El día que desperté no me vi tendido en mi cama, y los olores agradables de pan horneado, ropa limpia y comida apetitosa habían cambiado por los acres olores de un hospital de campaña, y entonces recordé todo lo que había pasado y donde estaba. Pregunté por Piero y me negaron con la cabeza, su herida había sido mortal. El pobre chiquillo italiano había encontrado por fin la paz y el sosiego que tanto ansiaba. No puede evitar un nudo en la garganta al pensar que en su  joven vida lo único que había conocido había sido la pena, la frustración y las peores miserias de los seres humanos.

Un médico con la bata ensangrentada se sentó al lado de mi camastro y me contó lo que había pasado. Afortunadamente mi herida no había sido grave, había sido lo suficientemente grande y el esfuerzo que hice al arrastrar el cuerpo de Piero me hizo sangrar copiosamente, aquello me llevó a una situación que me mantuvo en coma varias horas. La bala me había rozado el hombro y un nervio, con lo cual, aquel brazo me quedaría inútil. En poco tiempo había pasado de ser un muchacho en plenitud de facultades y fortaleza a ser un pobre e inútil manco. Aquello sirvió para que me dieran la licencia y poder regresar a casa.

Pero mi casa ya no era como la recordaba, mi calle estaba triste, desierta, no se veían niños reír ni correr por ella. La ausencia de hombres jóvenes era patente. La desolación se reflejaba en los rostros. La escasez de comida debido a la situación bélica se hacía manifiesta y el cielo, a pesar de estar a muchos kilómetros de las trincheras, no era tan azul como lo recordaba. Me enteré que muchos de mis amigos habían caído en el frente y otros aún luchaban en las distintas batallas.

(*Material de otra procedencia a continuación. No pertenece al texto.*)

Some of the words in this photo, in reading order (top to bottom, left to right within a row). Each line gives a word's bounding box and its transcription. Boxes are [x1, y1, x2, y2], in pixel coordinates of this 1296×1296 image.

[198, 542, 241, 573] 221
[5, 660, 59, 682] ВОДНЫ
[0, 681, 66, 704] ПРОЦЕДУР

Todo era desolación y lo peor fue lo que llegó después. Aquella guerra que iba a ser rápida y se iba a solucionar en unos pocos meses se alargaba. Ya eran muchos años, cuatro largos años en una situación que ya no era sostenible. Las bajas seguían en alza, y los más afortunados se habían convertidos en pobres lisiados como yo, si no físicamente, sí mentalmente. Ya nada era lo mismo, no podía serlo. Aquella guerra se había convertido en la peor de las pesadillas, las fuerzas ya no se medían cuerpo a cuerpo, con bayonetas y fusiles convencionales o con espadas y sables. Esa guerra terrorífica puso al alcance del hombre artilugios hasta entonces desconocidos: bombas, obuses, aparatos que volaban arrojando muerte y desolación a su paso, carros blindados que, como los cascos del caballo de Atila, arrancaban la hierba a su paso. No, nada era como lo que se había conocido anteriormente. ¿Nadie iba a detener aquella carnicería? Tanta muerte, tanta sangre joven derramada en esos eriales. Una generación entera de chicos, casi niños, fue masacrada y aniquilada ¿Por qué? En el mejor de los casos, en los que aún conservamos la vida, nos robaron la inocencia, la ilusión, la esperanza… la vida.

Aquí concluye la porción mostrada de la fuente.